Hyper-casual giant Voodoo has won a court case against Istanbul-based publisher Rollic Games, which is owned by Zynga, and developer Hero Games. According to Voodoo’s claims, Hero Games copied key elements of Voodoo’s hit Woodturning.
In January 2020, Hero updated its wood carving game Wood Shop introducing new features that, according to Voodoo, cloned characteristic elements of Woodturning. These included “polishing and painting stage and the use of real-world objects rather than abstract shapes,” as reported by The Financial Times. Following Wood Shop‘s January update, Voodoo filed a takedown notice. After Hero and Rollic refuced to remove the game from the app stores, Voodoo brought the matter of the alleged plagiarism to a Paris court. This month, the legal battle culminated in a ruling in Voodoo’s favor.

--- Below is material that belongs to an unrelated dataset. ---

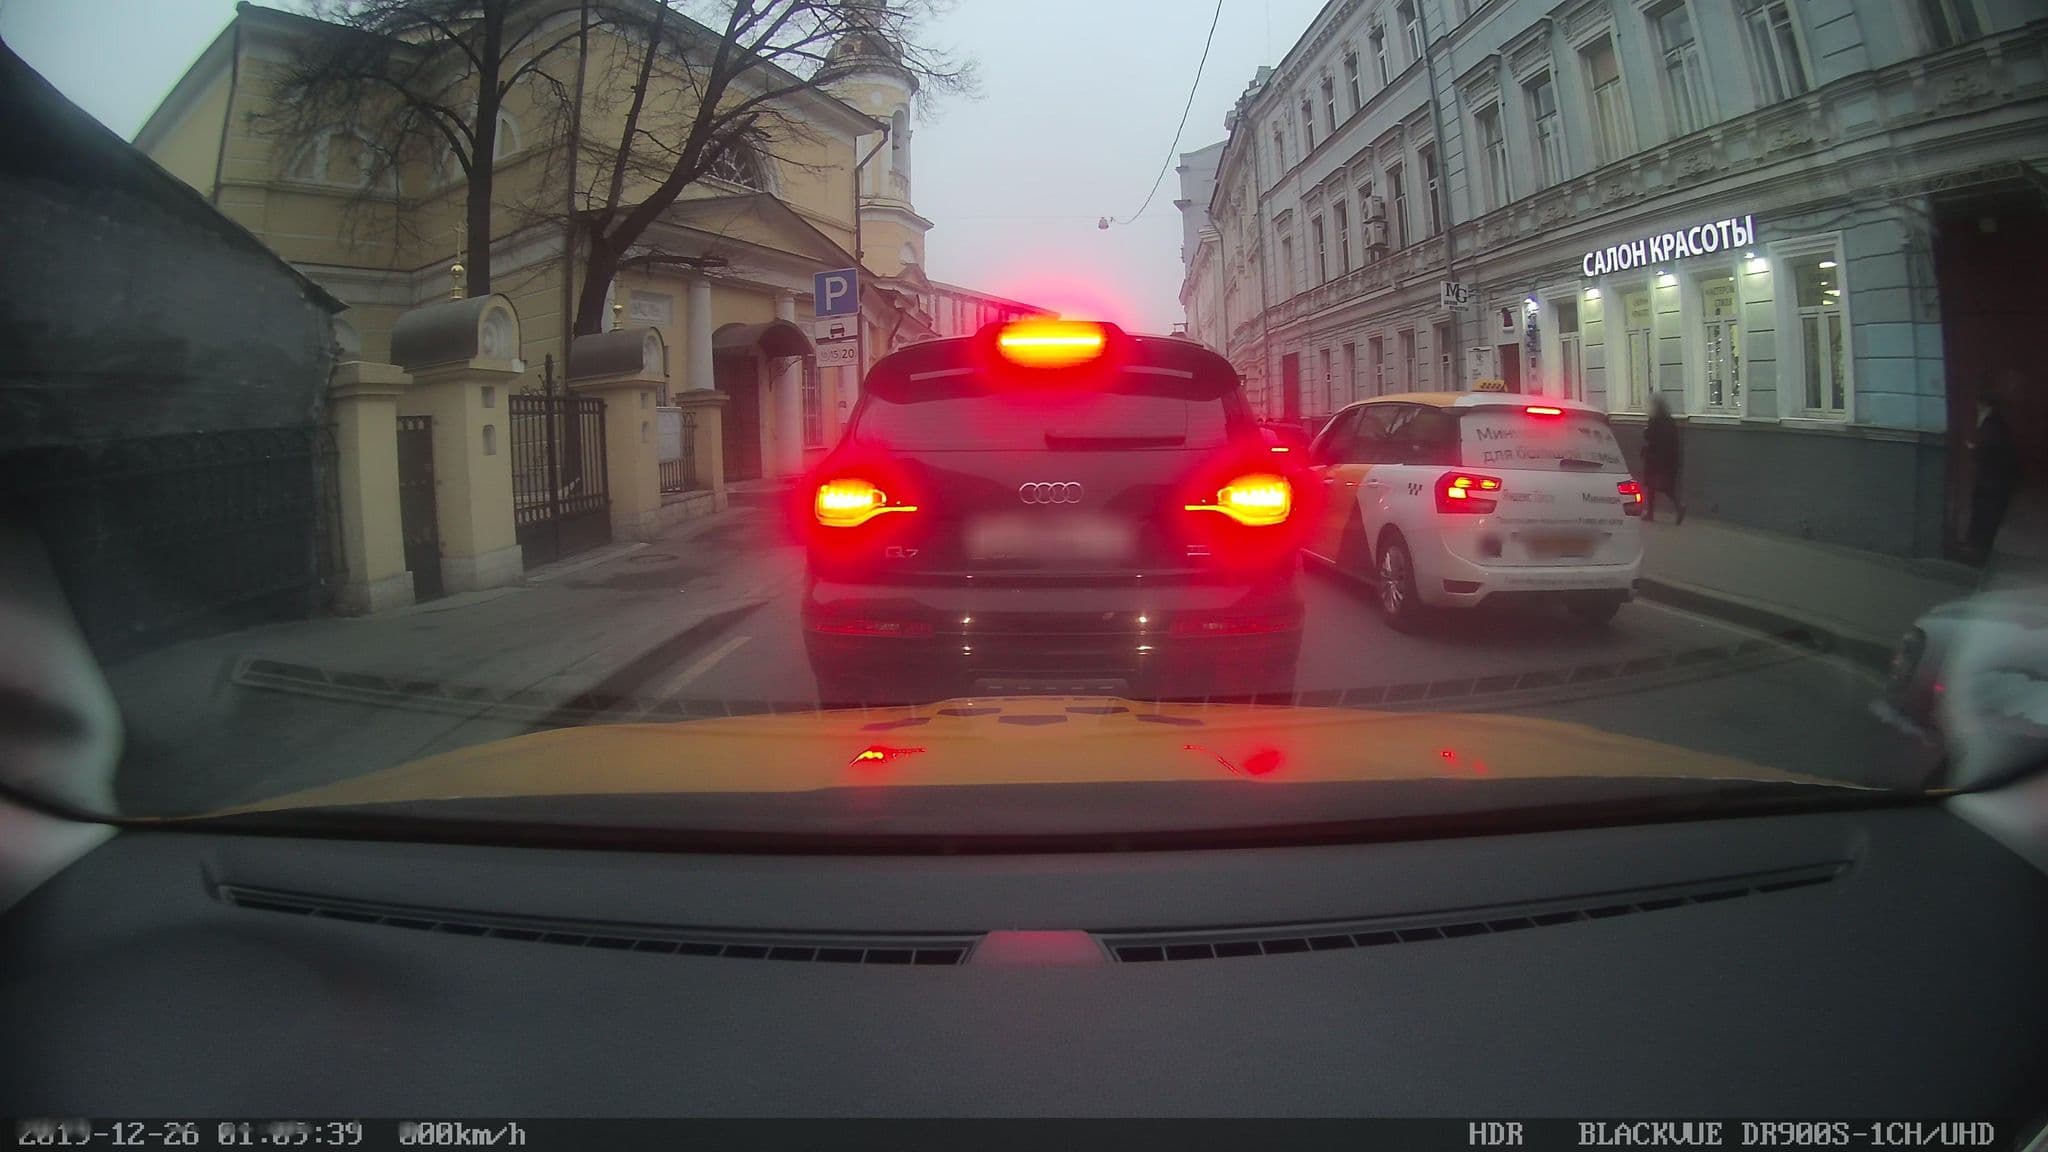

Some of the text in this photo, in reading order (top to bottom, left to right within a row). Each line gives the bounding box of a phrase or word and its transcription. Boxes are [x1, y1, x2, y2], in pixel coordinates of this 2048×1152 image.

Rollic and Hero Games will now have to pay Voodoo €125,000 in economic and reputational damages for “unfair competition and parasitism”. Wood Shop will also be removed from Google Play and App Store, while its developer and publisher will have to post an announcement about the ruling in three newspapers or magazines that Voodoo chooses.
The ruling sets an important precedent for the hyper-casual market plagued by cloning.
“For us [at Voodoo] it’s important to have legal precedent. We want to sanitise the market of these practices,” said Voodoo’s legal counsel Nassim Ameli-Jouffroy. “There is very little precedent in the hyper-casual sphere about where the line is to protect your games.”
As for other measures against clones, Voodoo is investing “heavily into a game that is being copied so that the road-map is quicker and so that the original is always better than its copy.”